Я – такой же. Клятва – как этот шестиугольник из камня. Тюрьма для солнца, тюрьма для сердца. Держит, давит и не отпустит.
– Ошибаешься, – отозвался Правитель, и его голосом око огня примеркло, померкли и мысли. Удлинились тени, рдяные, словно напитанные кровью.
Стоило пройти глубже, и покои стали похожи на другие залы и комнаты дома. Грозный строй квадратных колонн отсёк балкон, больше напоминающий скальный выступ, за ним брезжит свет города и непроглядное небо. Рубленый брусок огромного стола с выбитой на поверхности картой, стол поменьше с кувшином и недопитым кубком. Барельефы на стенах искрили самоцветами, сюжетами древних легенд и сражений, безыскусных и честных: вот вспыхивают и струятся души спутников Черуты, вот первые люди Отряда бьются с Чёрным Огнём, а вот Вершина, ещё не Дом, только священная скала, облита кровью пленников и барабанным громом. «Вот как, – вспыхнуло самоцвет-сердце, – всё-таки правда. Значит, они заслужили».

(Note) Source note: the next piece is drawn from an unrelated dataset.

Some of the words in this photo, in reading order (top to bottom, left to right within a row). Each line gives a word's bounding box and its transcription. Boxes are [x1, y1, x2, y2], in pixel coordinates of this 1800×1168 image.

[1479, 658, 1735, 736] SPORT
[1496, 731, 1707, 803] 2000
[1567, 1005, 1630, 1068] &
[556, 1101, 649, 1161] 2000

Значит, заслужили? Анкарат смотрел и чувствовал, как собственное его сердце-камень давит сильней и сильней, и оно темнеет от остановившейся крови, от слишком горького чувства несправедливости. Сияющий город, золотой город, Город Огня и Солнца оказался построенным на крови.

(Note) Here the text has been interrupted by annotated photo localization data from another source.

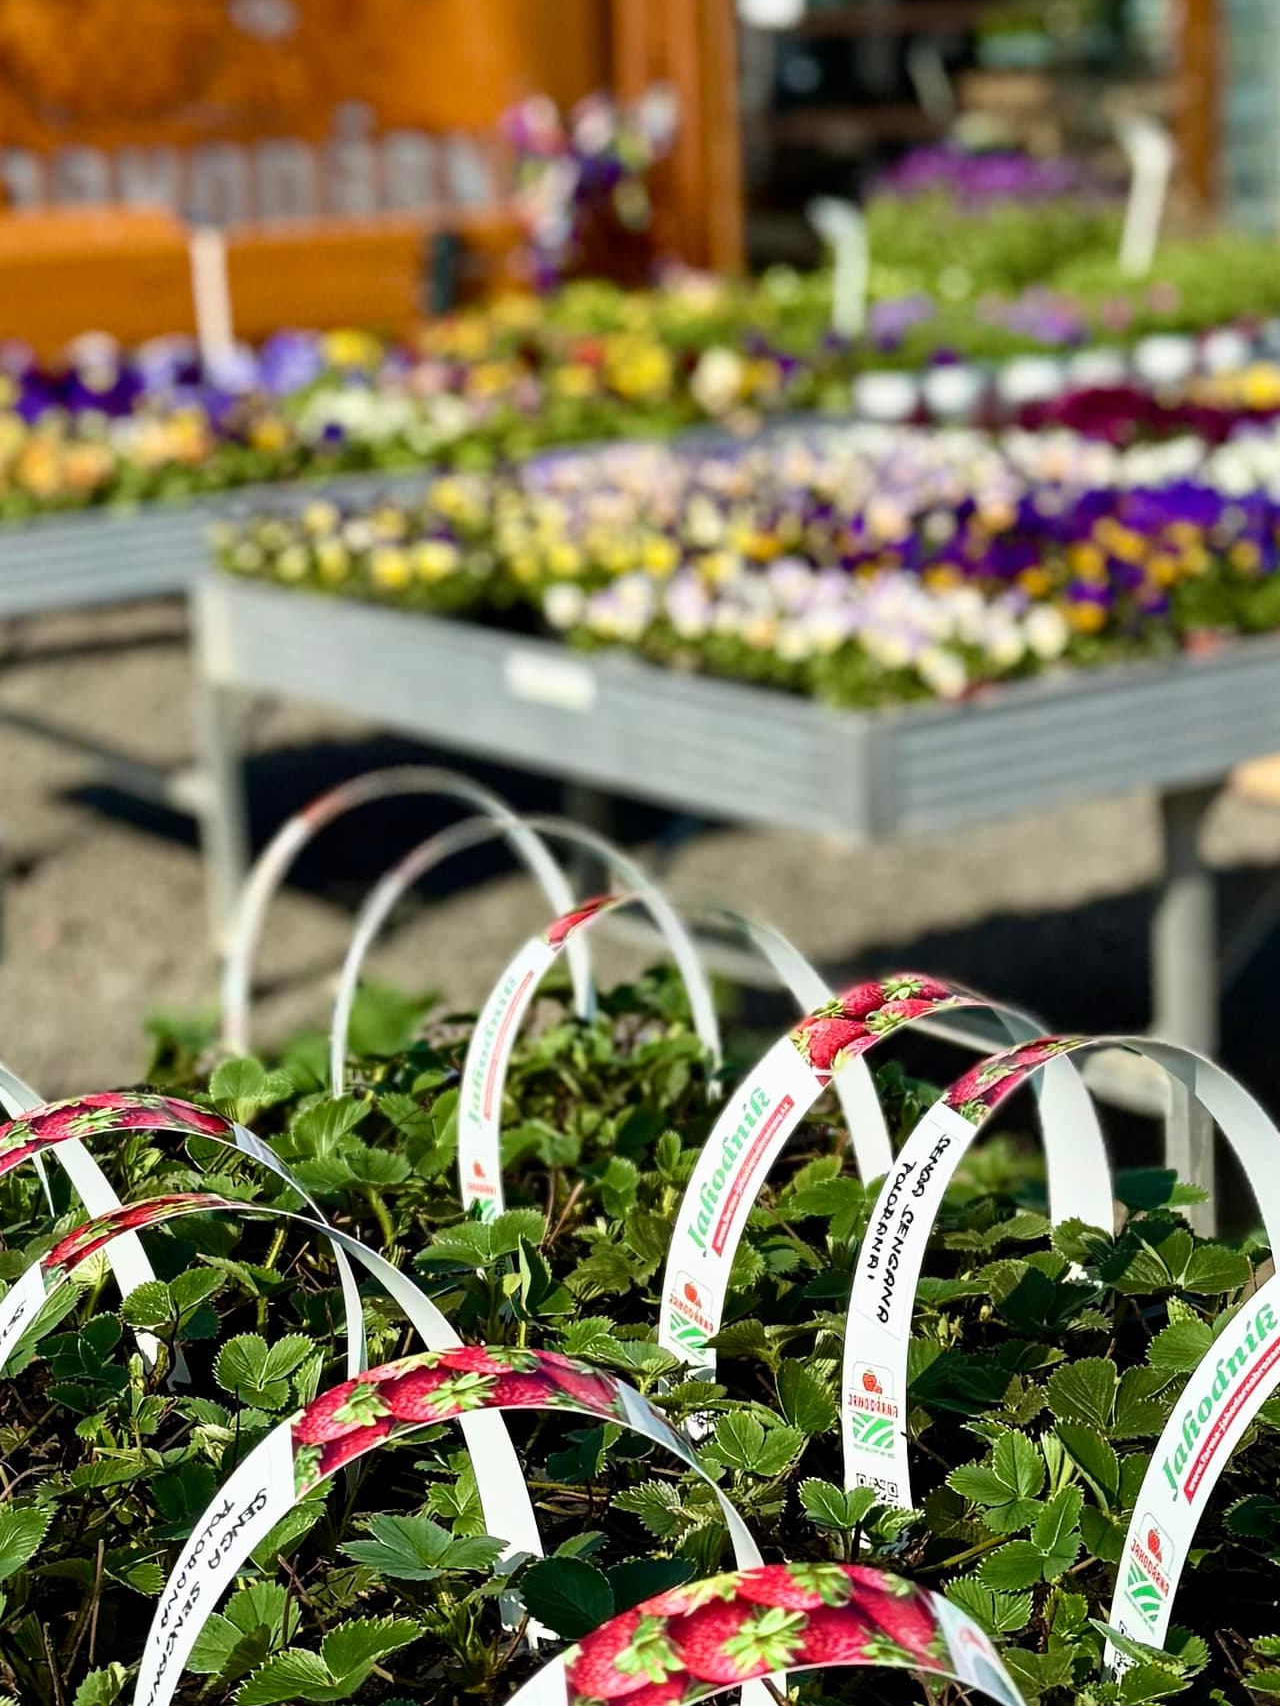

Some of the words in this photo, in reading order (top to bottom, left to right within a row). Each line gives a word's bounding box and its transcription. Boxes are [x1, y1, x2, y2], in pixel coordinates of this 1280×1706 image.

[686, 1086, 772, 1258] Jahodník
[876, 1203, 915, 1324] SENGANA
[1161, 1302, 1280, 1503] Jahodník
[207, 1487, 268, 1570] SENGA
[1129, 1537, 1170, 1598] JAHODÁRNA

Правитель в прижухшем свете огненного ока снова стал человеком. Рдяные тени изрезали лицо складками, серебра в жёстких волосах стало больше, чем два оборота назад, на Скале Правосудия, когда Анкарат увидел его впервые и впервые увидел эту его человечность.
Правитель приблизился к столу-карте, тяжело опёрся ладонями.

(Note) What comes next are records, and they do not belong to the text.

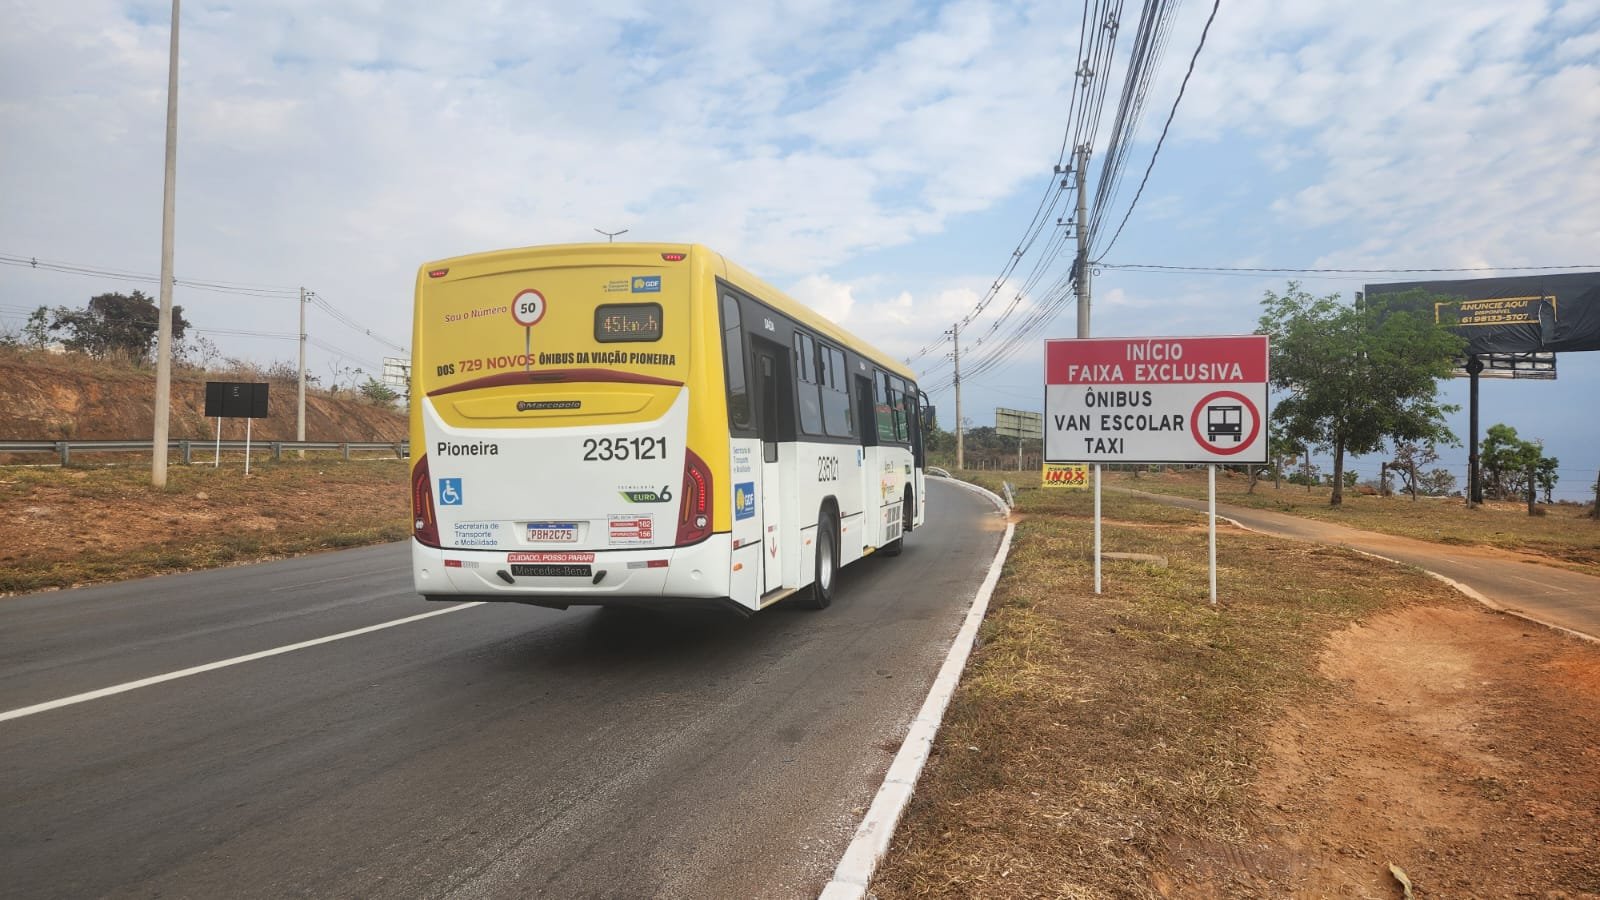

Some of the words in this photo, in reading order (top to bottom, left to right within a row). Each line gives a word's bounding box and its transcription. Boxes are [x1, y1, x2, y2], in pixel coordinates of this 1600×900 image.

[444, 314, 461, 322] Sou
[463, 312, 469, 320] o
[471, 306, 507, 318] Número
[520, 302, 536, 314] 50
[1461, 302, 1502, 311] ANUNCIE
[1126, 340, 1182, 360] INÍCIO
[437, 364, 454, 376] DOS
[458, 359, 482, 372] 729
[487, 354, 536, 370] NOVOS
[539, 352, 575, 365] ÔNIBUS
[576, 352, 589, 364] DA
[592, 350, 628, 366] VIAÇÃO
[630, 352, 676, 366] PIONEIRA
[1068, 365, 1124, 382] FAIXA
[1135, 363, 1244, 381] EXCLUSIVA
[526, 401, 580, 409] Marcopolo
[1085, 386, 1152, 408] ÔNIBUS
[1054, 414, 1090, 431] VAN
[1101, 414, 1184, 431] ESCOLAR
[437, 441, 498, 456] Pioneira
[583, 436, 667, 461] 235121
[1084, 438, 1124, 454] TAXI
[1046, 470, 1085, 480] INOX
[660, 485, 672, 502] 6
[744, 494, 754, 506] GDF
[531, 530, 572, 540] PBH2C75
[516, 566, 588, 576] Mercedes-Benz

Перед ним лежал весь известный мир. Не только Город Старшего Дома и Сад-на-Взморье. Изумрудная Печать и Горький Прибой, Хребет земли, разрезавший мир, Город Чёрного Огня и Потоки Завета, Рыжие скалы и Россыпи – всё было здесь.
– Здесь, – Правитель постучал пальцем по знаку Вершины на карте, и око огня вспыхнуло вновь, осветило земли, заключённые в камне, – сердце мира. Суть солнца. И однажды оно взорвётся.
Прозвучало тяжело, отрешённо. Устало.
А потом он заговорил иначе – прежним голосом, полным немыслимой силы:
– Рамилат принесла клятву земле – и мне. Воля земли воплотилась в ней. И в тебе. В твоей особенной судьбе. Эта судьба – способ направить силу солнца верным путём. Твоя кровь дурная, ты не понимаешь, что делаешь, просто мчишься за голосом солнца. Не человек – воплощение её клятвы. Но я знаю, что будет правильно. Исполни свою судьбу. Делай то, что велю. И я освобожу тебя.